> [Task to complete] A faithful, word-for-word transcription of all the data is what is needed.

> [Dataset items]
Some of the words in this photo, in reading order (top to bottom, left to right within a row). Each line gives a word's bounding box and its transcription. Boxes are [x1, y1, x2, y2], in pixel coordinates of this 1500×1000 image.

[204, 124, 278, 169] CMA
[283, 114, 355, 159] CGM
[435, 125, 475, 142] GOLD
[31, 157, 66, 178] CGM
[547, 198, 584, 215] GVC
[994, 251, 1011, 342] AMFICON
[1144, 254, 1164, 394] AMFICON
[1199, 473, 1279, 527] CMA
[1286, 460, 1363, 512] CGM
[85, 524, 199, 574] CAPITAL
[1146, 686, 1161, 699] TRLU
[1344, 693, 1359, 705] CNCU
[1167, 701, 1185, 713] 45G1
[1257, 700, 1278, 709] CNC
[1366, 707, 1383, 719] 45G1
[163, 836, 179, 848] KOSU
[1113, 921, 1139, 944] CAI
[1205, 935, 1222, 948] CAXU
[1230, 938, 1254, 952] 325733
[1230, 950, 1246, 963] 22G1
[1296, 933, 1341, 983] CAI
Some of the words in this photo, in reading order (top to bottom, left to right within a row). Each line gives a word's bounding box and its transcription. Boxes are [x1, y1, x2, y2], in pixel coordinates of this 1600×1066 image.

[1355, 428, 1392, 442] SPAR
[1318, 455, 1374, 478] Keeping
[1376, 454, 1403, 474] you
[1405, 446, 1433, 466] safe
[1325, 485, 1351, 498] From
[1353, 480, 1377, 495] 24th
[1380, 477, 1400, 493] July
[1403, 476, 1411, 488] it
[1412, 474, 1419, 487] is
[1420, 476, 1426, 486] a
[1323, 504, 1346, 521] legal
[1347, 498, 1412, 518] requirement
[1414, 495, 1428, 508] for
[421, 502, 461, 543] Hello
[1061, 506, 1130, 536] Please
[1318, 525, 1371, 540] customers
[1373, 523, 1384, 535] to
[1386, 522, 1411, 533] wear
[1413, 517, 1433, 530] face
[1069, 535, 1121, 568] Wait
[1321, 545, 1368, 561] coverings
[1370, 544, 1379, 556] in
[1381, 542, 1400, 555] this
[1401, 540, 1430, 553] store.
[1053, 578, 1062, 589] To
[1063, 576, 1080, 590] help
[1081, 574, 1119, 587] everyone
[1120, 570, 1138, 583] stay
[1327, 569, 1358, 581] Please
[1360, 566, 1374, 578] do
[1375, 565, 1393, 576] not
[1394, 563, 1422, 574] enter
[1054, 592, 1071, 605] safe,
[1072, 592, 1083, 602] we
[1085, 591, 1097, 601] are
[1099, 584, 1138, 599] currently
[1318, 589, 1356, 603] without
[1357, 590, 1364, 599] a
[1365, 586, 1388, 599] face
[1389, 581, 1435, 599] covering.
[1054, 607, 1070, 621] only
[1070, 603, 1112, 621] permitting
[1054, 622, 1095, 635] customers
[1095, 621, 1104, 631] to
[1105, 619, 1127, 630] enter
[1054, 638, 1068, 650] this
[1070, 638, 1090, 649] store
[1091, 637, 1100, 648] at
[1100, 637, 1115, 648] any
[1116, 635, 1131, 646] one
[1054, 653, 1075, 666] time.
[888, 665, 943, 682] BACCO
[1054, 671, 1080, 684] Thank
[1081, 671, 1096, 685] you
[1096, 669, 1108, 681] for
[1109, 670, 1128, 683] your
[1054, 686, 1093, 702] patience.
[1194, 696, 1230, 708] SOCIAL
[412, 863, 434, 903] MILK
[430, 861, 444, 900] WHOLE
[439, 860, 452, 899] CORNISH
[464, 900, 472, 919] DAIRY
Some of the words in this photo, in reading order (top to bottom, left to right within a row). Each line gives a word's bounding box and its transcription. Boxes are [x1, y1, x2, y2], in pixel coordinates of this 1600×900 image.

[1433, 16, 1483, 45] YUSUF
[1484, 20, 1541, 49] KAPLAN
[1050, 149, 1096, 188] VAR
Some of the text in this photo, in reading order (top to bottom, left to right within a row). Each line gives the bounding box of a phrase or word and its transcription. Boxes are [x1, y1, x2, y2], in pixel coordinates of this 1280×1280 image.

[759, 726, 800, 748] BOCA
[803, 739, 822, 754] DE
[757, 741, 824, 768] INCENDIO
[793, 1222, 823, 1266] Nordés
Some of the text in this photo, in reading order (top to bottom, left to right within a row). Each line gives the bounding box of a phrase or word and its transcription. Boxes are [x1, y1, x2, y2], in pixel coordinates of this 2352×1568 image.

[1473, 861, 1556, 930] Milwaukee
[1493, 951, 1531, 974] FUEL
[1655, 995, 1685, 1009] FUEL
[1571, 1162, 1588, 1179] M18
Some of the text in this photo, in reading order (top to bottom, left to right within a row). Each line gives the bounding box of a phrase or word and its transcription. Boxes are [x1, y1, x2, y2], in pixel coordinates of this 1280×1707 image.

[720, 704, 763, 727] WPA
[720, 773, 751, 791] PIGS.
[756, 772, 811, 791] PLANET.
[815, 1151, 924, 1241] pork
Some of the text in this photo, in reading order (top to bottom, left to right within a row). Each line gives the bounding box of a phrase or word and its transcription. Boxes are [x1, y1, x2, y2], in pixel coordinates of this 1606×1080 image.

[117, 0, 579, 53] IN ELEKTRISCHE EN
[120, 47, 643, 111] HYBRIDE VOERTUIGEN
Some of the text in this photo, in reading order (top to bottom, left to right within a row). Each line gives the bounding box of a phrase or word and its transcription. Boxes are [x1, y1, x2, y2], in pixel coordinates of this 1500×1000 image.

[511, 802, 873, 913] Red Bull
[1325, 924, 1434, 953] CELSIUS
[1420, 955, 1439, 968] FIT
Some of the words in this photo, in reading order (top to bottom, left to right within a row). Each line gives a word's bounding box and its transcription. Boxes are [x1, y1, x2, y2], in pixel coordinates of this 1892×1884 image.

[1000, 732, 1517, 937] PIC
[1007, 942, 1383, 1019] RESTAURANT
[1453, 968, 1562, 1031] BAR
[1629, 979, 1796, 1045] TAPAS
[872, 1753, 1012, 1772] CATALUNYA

> [Answer to this problem]
Some of the words in this photo, in reading order (top to bottom, left to right within a row). Each line gives a word's bounding box and its transcription. Boxes are [x1, y1, x2, y2], in pixel coordinates of this 1500×1000 image.

[204, 124, 278, 169] CMA
[283, 114, 355, 159] CGM
[435, 125, 475, 142] GOLD
[31, 157, 66, 178] CGM
[547, 198, 584, 215] GVC
[994, 251, 1011, 342] AMFICON
[1144, 254, 1164, 394] AMFICON
[1199, 473, 1279, 527] CMA
[1286, 460, 1363, 512] CGM
[85, 524, 199, 574] CAPITAL
[1146, 686, 1161, 699] TRLU
[1344, 693, 1359, 705] CNCU
[1167, 701, 1185, 713] 45G1
[1257, 700, 1278, 709] CNC
[1366, 707, 1383, 719] 45G1
[163, 836, 179, 848] KOSU
[1113, 921, 1139, 944] CAI
[1205, 935, 1222, 948] CAXU
[1230, 938, 1254, 952] 325733
[1230, 950, 1246, 963] 22G1
[1296, 933, 1341, 983] CAI
Some of the words in this photo, in reading order (top to bottom, left to right within a row). Each line gives a word's bounding box and its transcription. Boxes are [x1, y1, x2, y2], in pixel coordinates of this 1600×1066 image.

[1355, 428, 1392, 442] SPAR
[1318, 455, 1374, 478] Keeping
[1376, 454, 1403, 474] you
[1405, 446, 1433, 466] safe
[1325, 485, 1351, 498] From
[1353, 480, 1377, 495] 24th
[1380, 477, 1400, 493] July
[1403, 476, 1411, 488] it
[1412, 474, 1419, 487] is
[1420, 476, 1426, 486] a
[1323, 504, 1346, 521] legal
[1347, 498, 1412, 518] requirement
[1414, 495, 1428, 508] for
[421, 502, 461, 543] Hello
[1061, 506, 1130, 536] Please
[1318, 525, 1371, 540] customers
[1373, 523, 1384, 535] to
[1386, 522, 1411, 533] wear
[1413, 517, 1433, 530] face
[1069, 535, 1121, 568] Wait
[1321, 545, 1368, 561] coverings
[1370, 544, 1379, 556] in
[1381, 542, 1400, 555] this
[1401, 540, 1430, 553] store.
[1053, 578, 1062, 589] To
[1063, 576, 1080, 590] help
[1081, 574, 1119, 587] everyone
[1120, 570, 1138, 583] stay
[1327, 569, 1358, 581] Please
[1360, 566, 1374, 578] do
[1375, 565, 1393, 576] not
[1394, 563, 1422, 574] enter
[1054, 592, 1071, 605] safe,
[1072, 592, 1083, 602] we
[1085, 591, 1097, 601] are
[1099, 584, 1138, 599] currently
[1318, 589, 1356, 603] without
[1357, 590, 1364, 599] a
[1365, 586, 1388, 599] face
[1389, 581, 1435, 599] covering.
[1054, 607, 1070, 621] only
[1070, 603, 1112, 621] permitting
[1054, 622, 1095, 635] customers
[1095, 621, 1104, 631] to
[1105, 619, 1127, 630] enter
[1054, 638, 1068, 650] this
[1070, 638, 1090, 649] store
[1091, 637, 1100, 648] at
[1100, 637, 1115, 648] any
[1116, 635, 1131, 646] one
[1054, 653, 1075, 666] time.
[888, 665, 943, 682] BACCO
[1054, 671, 1080, 684] Thank
[1081, 671, 1096, 685] you
[1096, 669, 1108, 681] for
[1109, 670, 1128, 683] your
[1054, 686, 1093, 702] patience.
[1194, 696, 1230, 708] SOCIAL
[412, 863, 434, 903] MILK
[430, 861, 444, 900] WHOLE
[439, 860, 452, 899] CORNISH
[464, 900, 472, 919] DAIRY
Some of the words in this photo, in reading order (top to bottom, left to right within a row). Each line gives a word's bounding box and its transcription. Boxes are [x1, y1, x2, y2], in pixel coordinates of this 1600×900 image.

[1433, 16, 1483, 45] YUSUF
[1484, 20, 1541, 49] KAPLAN
[1050, 149, 1096, 188] VAR
Some of the text in this photo, in reading order (top to bottom, left to right within a row). Each line gives the bounding box of a phrase or word and its transcription. Boxes are [x1, y1, x2, y2], in pixel coordinates of this 1280×1280 image.

[759, 726, 800, 748] BOCA
[803, 739, 822, 754] DE
[757, 741, 824, 768] INCENDIO
[793, 1222, 823, 1266] Nordés
Some of the text in this photo, in reading order (top to bottom, left to right within a row). Each line gives the bounding box of a phrase or word and its transcription. Boxes are [x1, y1, x2, y2], in pixel coordinates of this 2352×1568 image.

[1473, 861, 1556, 930] Milwaukee
[1493, 951, 1531, 974] FUEL
[1655, 995, 1685, 1009] FUEL
[1571, 1162, 1588, 1179] M18
Some of the text in this photo, in reading order (top to bottom, left to right within a row). Each line gives the bounding box of a phrase or word and its transcription. Boxes are [x1, y1, x2, y2], in pixel coordinates of this 1280×1707 image.

[720, 704, 763, 727] WPA
[720, 773, 751, 791] PIGS.
[756, 772, 811, 791] PLANET.
[815, 1151, 924, 1241] pork
Some of the text in this photo, in reading order (top to bottom, left to right within a row). Each line gives the bounding box of a phrase or word and its transcription. Boxes are [x1, y1, x2, y2], in pixel coordinates of this 1606×1080 image.

[117, 0, 579, 53] IN ELEKTRISCHE EN
[120, 47, 643, 111] HYBRIDE VOERTUIGEN
Some of the text in this photo, in reading order (top to bottom, left to right within a row). Each line gives the bounding box of a phrase or word and its transcription. Boxes are [x1, y1, x2, y2], in pixel coordinates of this 1500×1000 image.

[511, 802, 873, 913] Red Bull
[1325, 924, 1434, 953] CELSIUS
[1420, 955, 1439, 968] FIT
Some of the words in this photo, in reading order (top to bottom, left to right within a row). Each line gives a word's bounding box and its transcription. Boxes are [x1, y1, x2, y2], in pixel coordinates of this 1892×1884 image.

[1000, 732, 1517, 937] PIC
[1007, 942, 1383, 1019] RESTAURANT
[1453, 968, 1562, 1031] BAR
[1629, 979, 1796, 1045] TAPAS
[872, 1753, 1012, 1772] CATALUNYA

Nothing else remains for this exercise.